- 07 - Der hagere Armand Vetterlin hatte in Ermangelung eines besseren Sitzes die niedrige Wasserbank aus der ...

Der hagere Armand Vetterlin hatte in Ermangelung eines besseren Sitzes die niedrige Wasserbank aus der Küche vor die Tür getragen, nun hielt er seinen Waffenrock auf dem Schoß und nähte mit großer Ruhe an aufgesprungenen Nähten und Rissen und hatte die Beine weit ausgereckt. Bedächtig zog er den Faden aus, sein mächtiger Schnauzbart hing ganz über den Mund und mußte erst beiseite geschoben werden, wenn er den Faden zum Einfädeln netzen wollte, und der spitze, starke Kinnbart war fest gegen die Brust gedrängt. Manchmal stärkte er sich aus einer Bierkanne, die er neben sich auf die Erde gestellt hatte.
Hinter ihm in der Tür erschien zuweilen das neugierige Gesicht der Schustertochter, drüben aus den Fenstern und Türen guckten Frauen und sahen äußerst belustigt dem ernsten Werke zu, aber der Korporal hatte für keine einen Blick, obwohl das Kichern, das wiederholt absichtlich verstärkt wurde, zu ihm dringen mußte.

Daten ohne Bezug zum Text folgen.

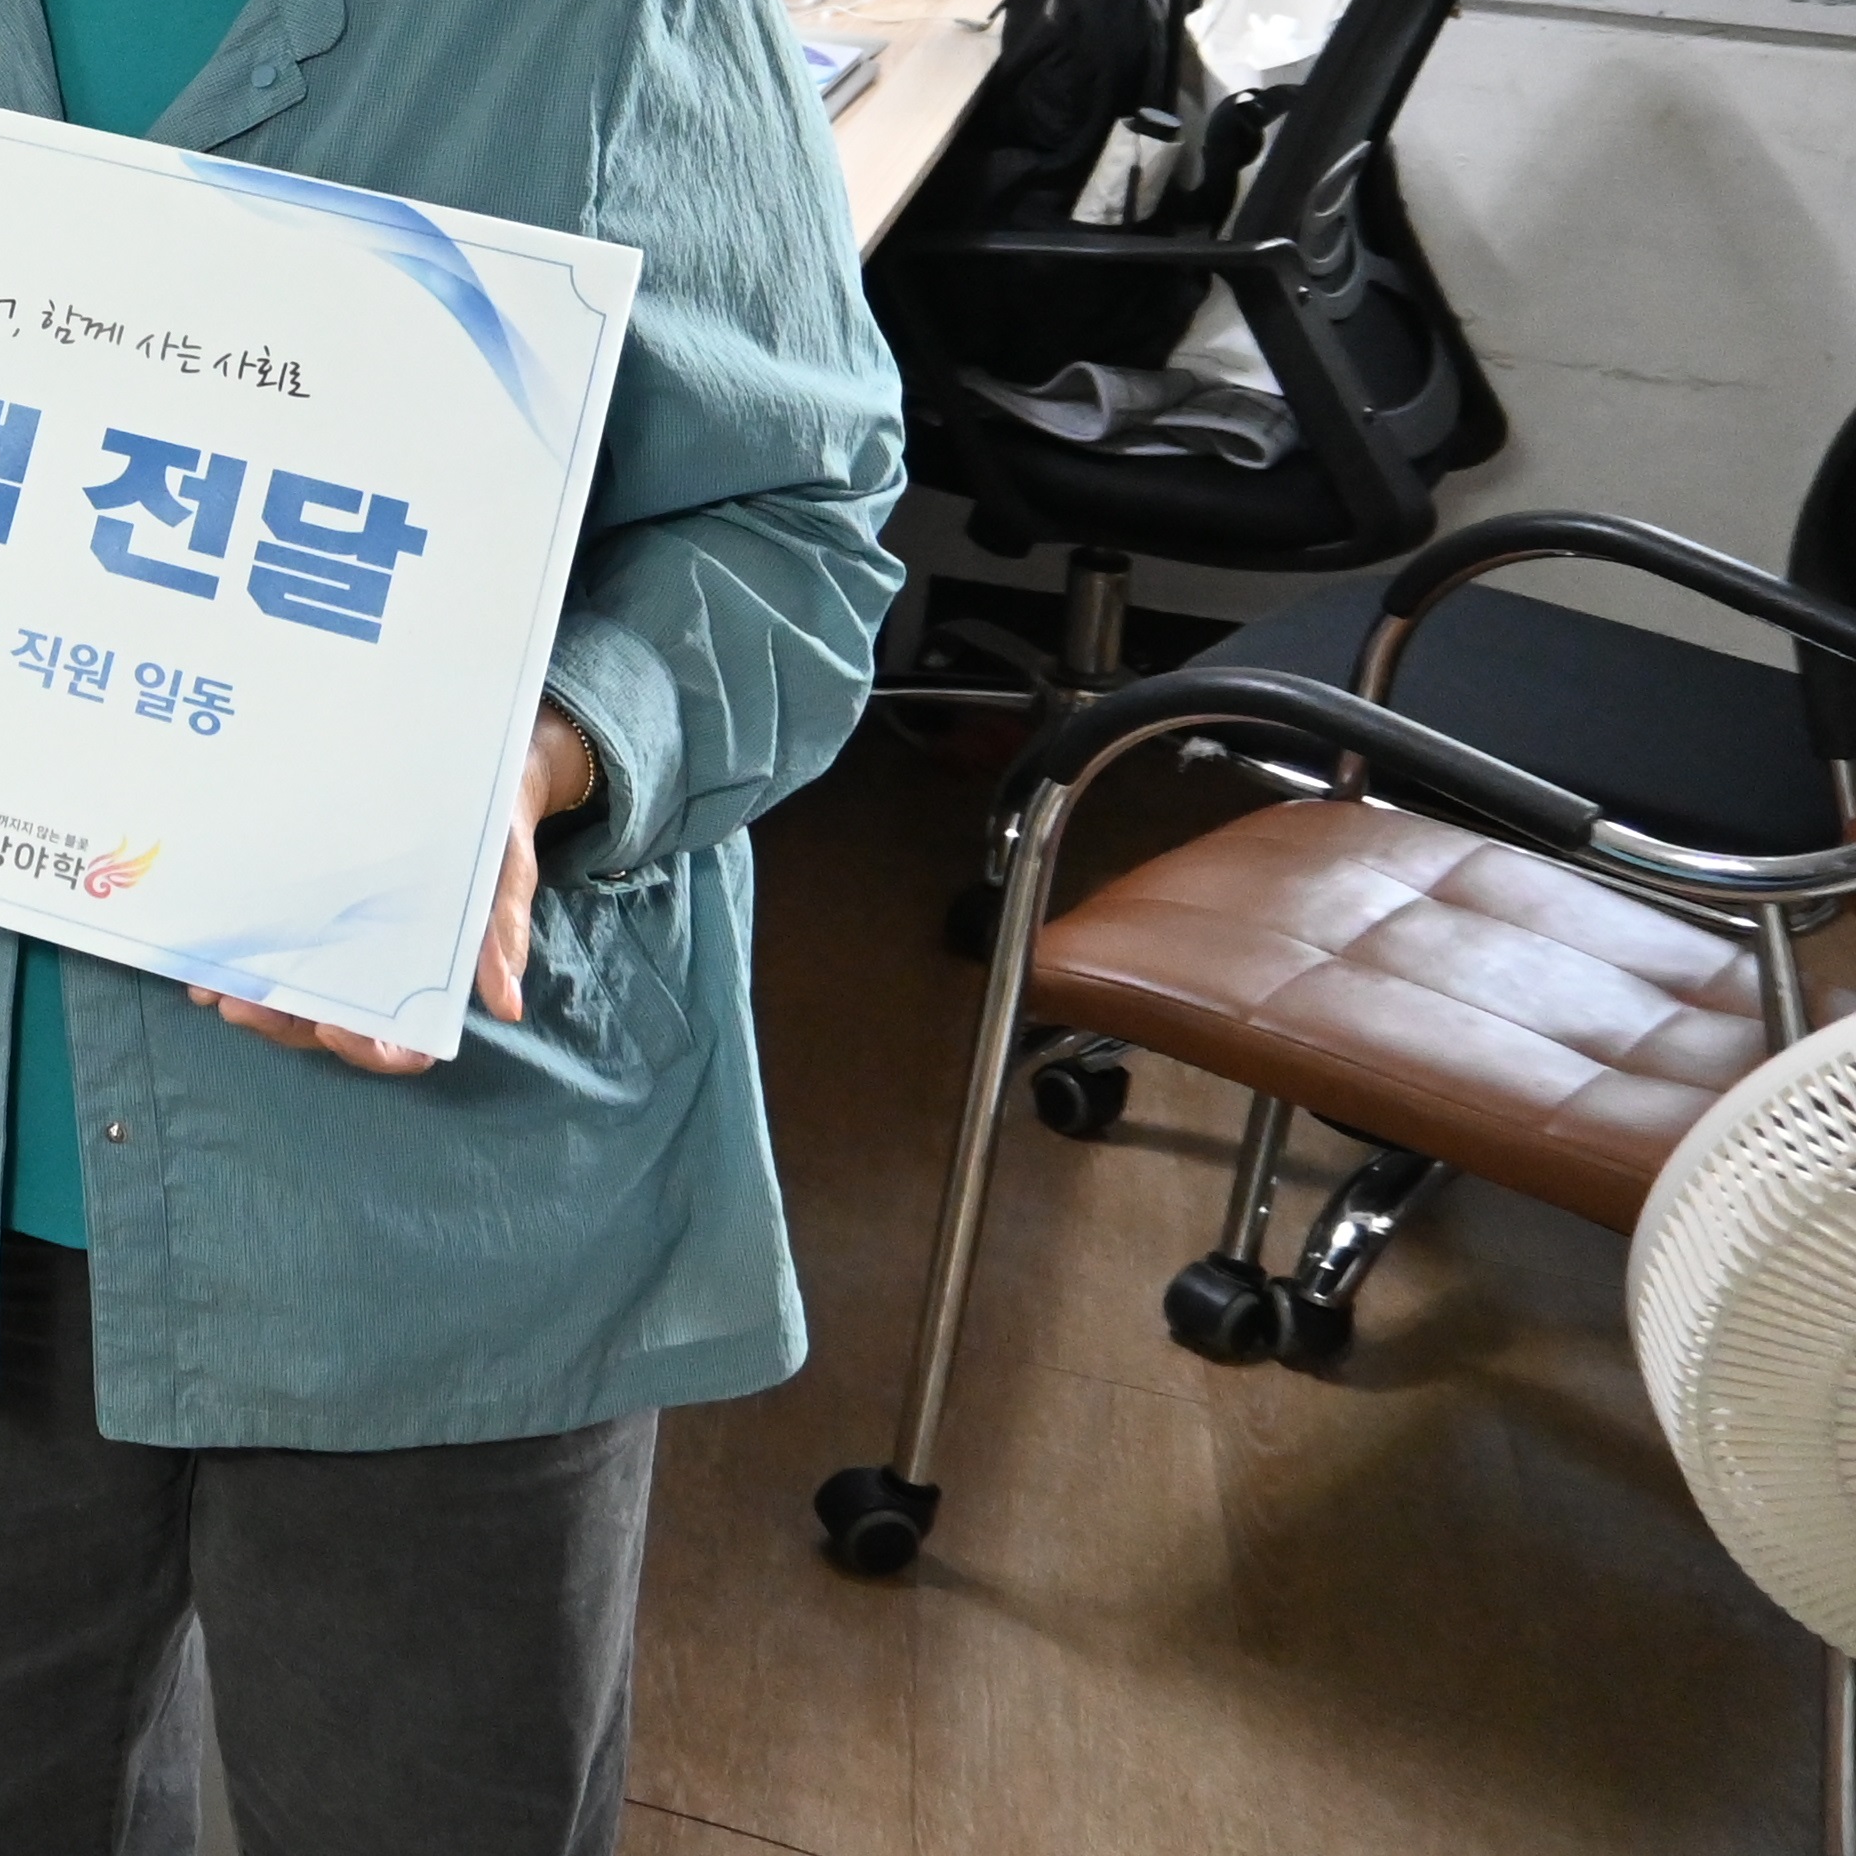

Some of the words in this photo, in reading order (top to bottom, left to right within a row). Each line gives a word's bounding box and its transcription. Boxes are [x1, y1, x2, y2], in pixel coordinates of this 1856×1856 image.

[41, 299, 124, 345] 함께
[136, 331, 202, 374] 사는
[213, 345, 311, 398] 사회로
[82, 426, 428, 644] 전달
[10, 622, 115, 705] 직원
[132, 659, 237, 738] 일동
[36, 825, 62, 845] 않는

Das alles gefiel Ollhöft an dem Mann, er rückte erst unschlüssig auf dem Platze, dann aber erhob er sich mit einem Ruck und stampfte ganz entschlossen dem Fremden zu, der Hund ging hinter ihm drein.

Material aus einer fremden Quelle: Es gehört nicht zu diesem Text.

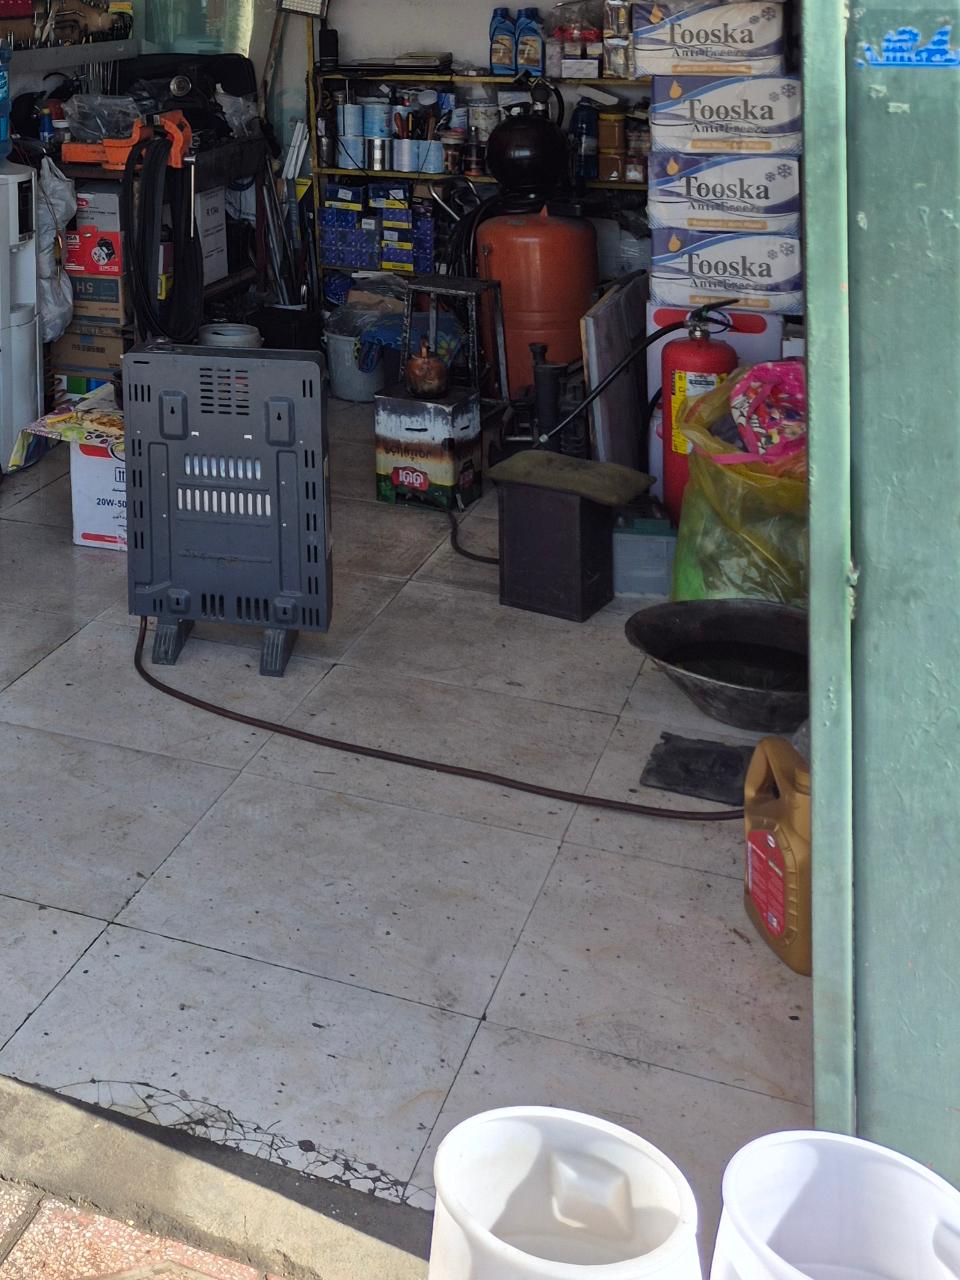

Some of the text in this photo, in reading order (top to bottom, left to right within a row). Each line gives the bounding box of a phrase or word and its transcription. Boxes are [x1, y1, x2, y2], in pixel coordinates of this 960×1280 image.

Vetterlin konnte den schweren Tritt natürlich nicht überhören und sah auf, dabei zog er nach seiner Gewohnheit die Oberlippe so hoch, daß die Nase ganz im Schnauzbart versank. Das sah grimmig aus, aber um die Augen flog ein freundlicher Schein, als er militärisch grüßte, er rückte beiseite und lud durch eine Handbewegung den Torwärter ein. „Setz dich, Kamerad, wird dir keine ungewohnte Arbeit sein,“ sagte er und zeigte den Rock.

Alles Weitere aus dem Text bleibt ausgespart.